Opportunities for Innovation in Value-Based Payments in Oncology

TON - December 2020, Vol 13, No 6

Value-based or alternative payment models have yet to deliver the cost-savings in oncology hoped for when these models were proposed, said experts at the September 2020 National Comprehensive Cancer Network Oncology Policy Summit during a panel discussion on best practices for value-based agreements.

When asked by panel moderator Clifford Goodman, PhD, Senior Vice President, Comparative Effectiveness Research, The Lewin Group, how well these models have performed on a 1-to-10 scale, neither panelist rated them better than a 2.5.

Value-Based Innovation

Payers are stuck with old paradigms, which is especially no longer adequate in cancer care, said David Rubin, Director, Health Outcomes & Quantitative Analytics, Memorial Sloan Kettering Cancer Center (MSKCC), New York City.

“Even the metrics that they’re choosing to evaluate models are stuck in yesterday’s thinking,” Mr Rubin said. One example, he said, is that payers remain focused on length of hospital stay, but they do not account for the shift to outpatient care and the amount of care required in the outpatient setting.

“Payers are more focused on cost than on the quality,” Mr Rubin said. “Once payers start to focus more on the value they get, which is quality compared to cost, I think that’s where we’ll see more improvement. The good news is that everyone has agreed that value is the way forward, at least in theory.”

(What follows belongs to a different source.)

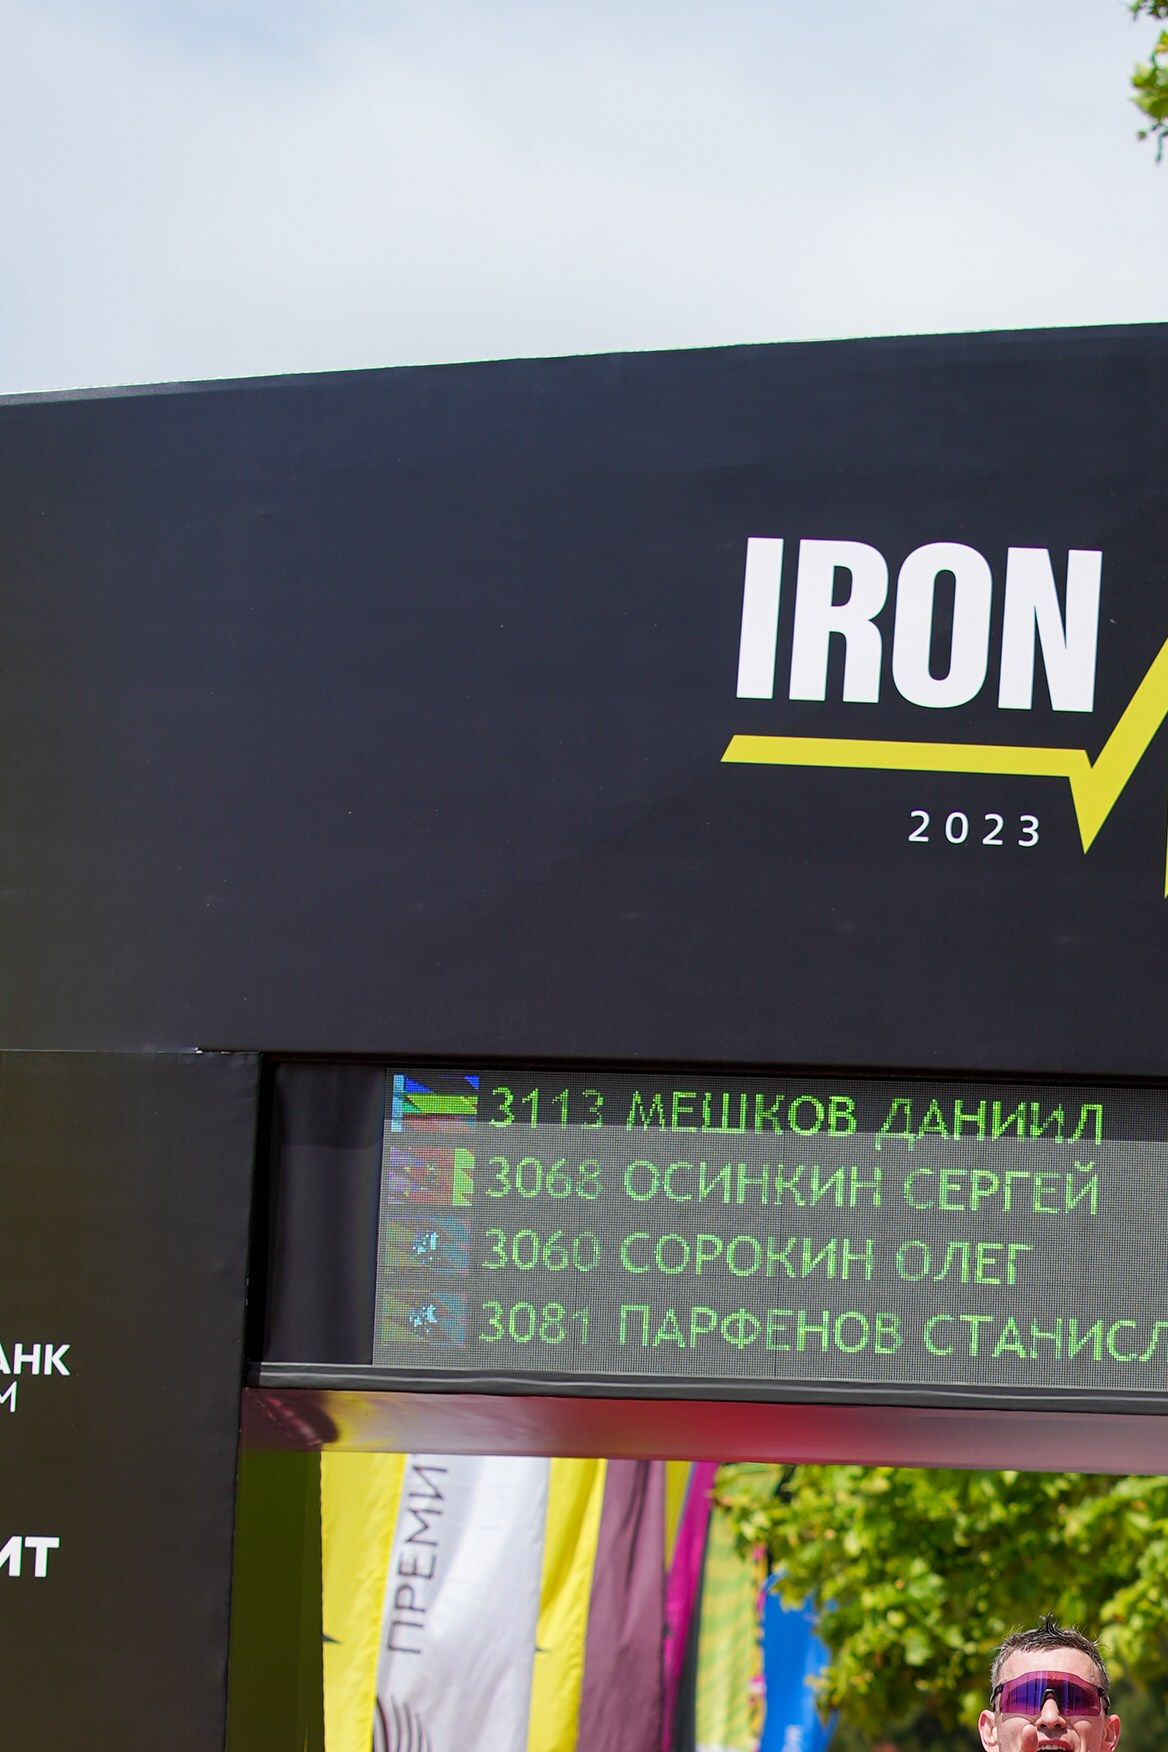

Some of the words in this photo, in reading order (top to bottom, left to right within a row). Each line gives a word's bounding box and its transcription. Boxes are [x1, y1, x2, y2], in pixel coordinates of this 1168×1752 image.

A clear definition of what the payer community is ultimately trying to accomplish is lacking, said Thomas Daly, MBA, University of Michigan Health System, Ann Arbor. Collaboration is required to define value, he believes.

The greatest opportunity for value-based arrangements in cancer care, said Mr Rubin, lies in a global case rate, where providers accept risk for treating a patient in a multiyear arrangement with the insurer. A global case rate would allow providers to innovate, he believes.

“We can decide today that we want to try a new treatment, and if we need to give an extra PET [positron emission tomography] scan for that treatment, we can do that without authorization for the new PET scan,” he said. “I’m getting a single dollar figure for treating the patient, so that’s one way of innovating.”

Shifting the care from the inpatient to the outpatient setting has also spurred innovation on the provider end, he said. “The beneficiary of that switch has primarily been the insurance carrier, because we are going from a more costly setting to a less costly setting, and where it used to be a 2- to 3-day stay, now it’s a 24-hour visit,” said Mr Rubin.

“They’ve gotten all that benefit, and we’ve done it, because we think it’s the right thing to do for the patient, regardless of how we’re going to get paid for it. This is a way of recouping those innovations back into your rates,” he added.

By contrast, Mr Daly said that his preferred approach would be collaboration between providers and employers, with payers acting as the facilitator to remove some of the barriers to providing evidence-based quality care in the most cost-effective manner in oncology.

“We as providers need to partner with the employer,” Mr Daly said. “They are the ultimate payer of the bill.”

Evidence-Based Care

Dr Goodman wondered whether data sources and analytical tools currently in operation are sufficient to enhance care delivery for patients with cancer in real time.

Mr Rubin replied that a retooling of systems designed for fee-for-service is needed to accomplish evidence-based processes to cancer care. Too often, he said, when employers look at claims systems, “they’re not looking at whole patients. When that cancer patient needs to be admitted for septicemia, that’s a septic problem, not a cancer patient. We show them that the 7% of claims for cancer care are really 17% of their business,” Mr Rubin said.

He pointed out that despite advances in electronic health record technology, bundles for bone marrow transplants are still being handled manually at MSKCC, which is an additional barrier to real-time decision-making in cancer care.

Although metrics are available to support value-based care at MSKCC, as valuable as metrics can be to value-based contracting, metrics “don’t lead you to value; I think value is shown in the metrics,” Mr Rubin said.

CAR T-Cell Therapy as a Model?

Citing CAR T-cell therapy as a highly innovative therapy, Dr Goodman noted that payment for this new therapy has been based on a 30-day health outcome end point. He asked if this type of model should be pursued for other innovative cancer therapies in the pipeline.

“For example, a payer might pay up front but get a rebate if it stops working after 60 or 90 days,” said Dr Goodman, “or they might pay just a little bit up front, and then pay more if the patient sustains good health and does not regress.”

Mr Daly replied: “I think that it can be, but I don’t agree with the 30-day outcome. From what clinicians told me, there’s no basis for that. It’s just a line in the sand,” he emphasized.

According to Mr Rubin, although the system to support such an arrangement exists, it’s still a manual system. “We’ve contracted with third parties to monitor these types of bundled payments,” Mr Rubin said.

“Whether you get the payment up front or you get a rebate later, the rebate would be for the drug alone, not for the cost of care in between. The providers have accrued a cost over time, and if they’re just getting a rebate for the drug portion, it does not offset the total cost of care,” he added.